DATA LISTING:
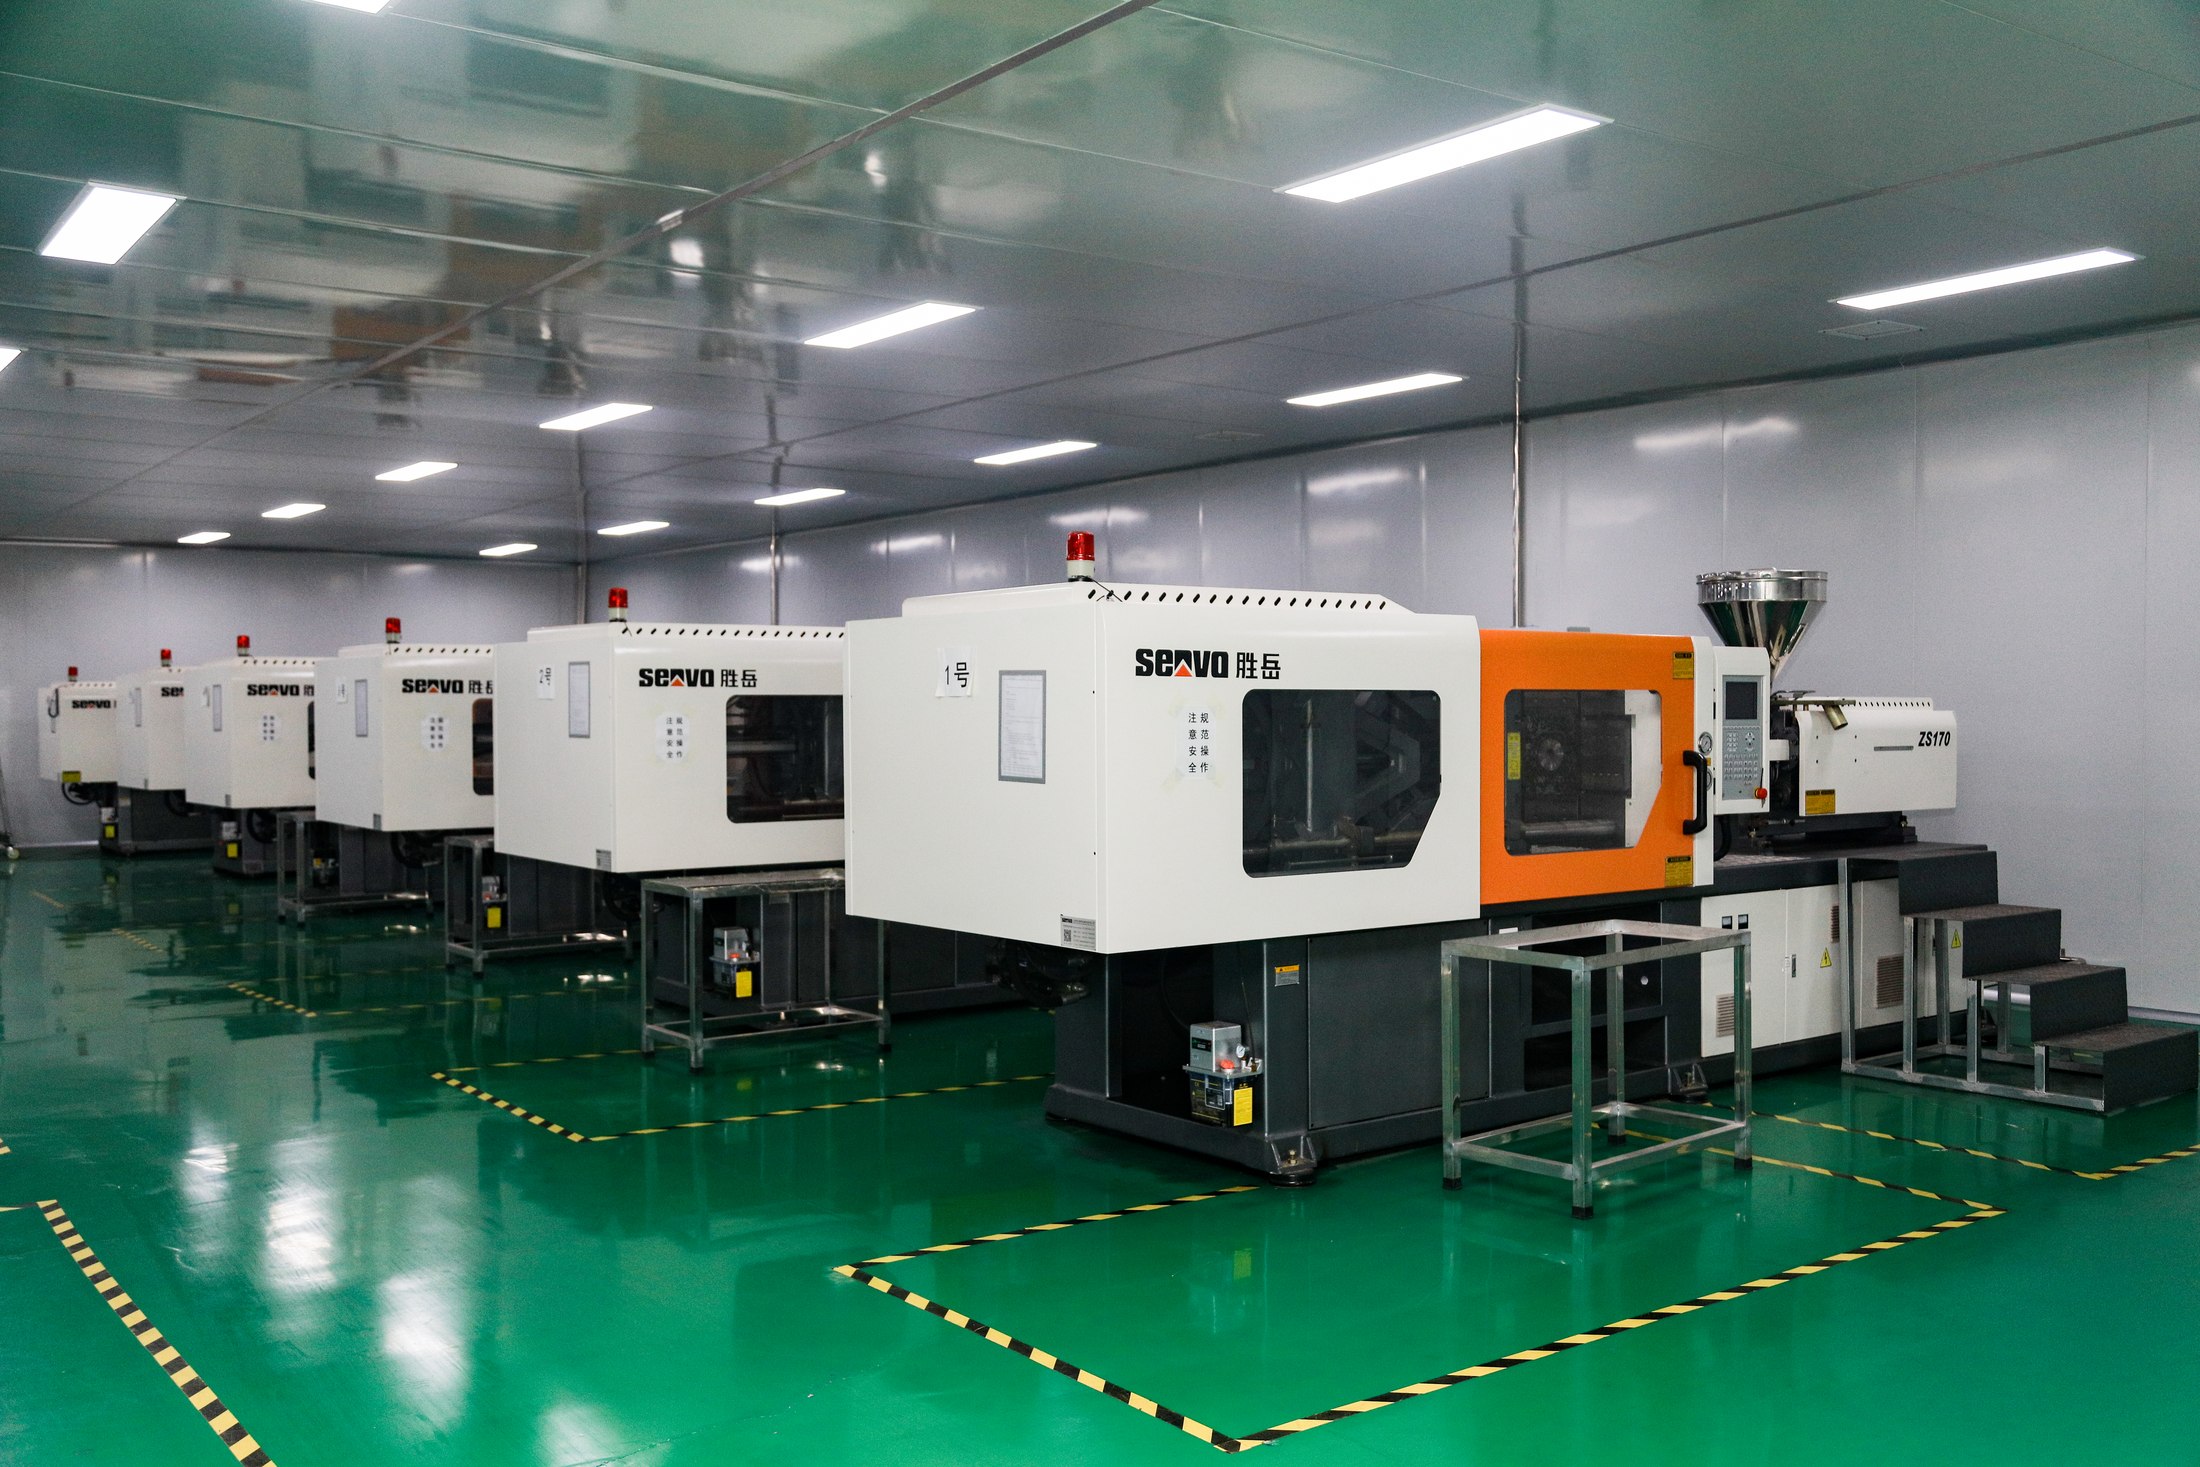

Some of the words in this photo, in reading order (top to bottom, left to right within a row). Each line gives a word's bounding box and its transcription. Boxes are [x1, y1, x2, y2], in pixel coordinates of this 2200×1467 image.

[944, 661, 970, 688] 1号
[1236, 652, 1281, 679] 胜岳
[720, 669, 758, 688] 胜岳
[1918, 731, 1951, 747] ZS170

AIM OF THE EXERCISE: Output each record above exactly as it stands, excluding all pictures.

RESULT OF THIS TASK:
Some of the words in this photo, in reading order (top to bottom, left to right within a row). Each line gives a word's bounding box and its transcription. Boxes are [x1, y1, x2, y2], in pixel coordinates of this 2200×1467 image.

[944, 661, 970, 688] 1号
[1236, 652, 1281, 679] 胜岳
[720, 669, 758, 688] 胜岳
[1918, 731, 1951, 747] ZS170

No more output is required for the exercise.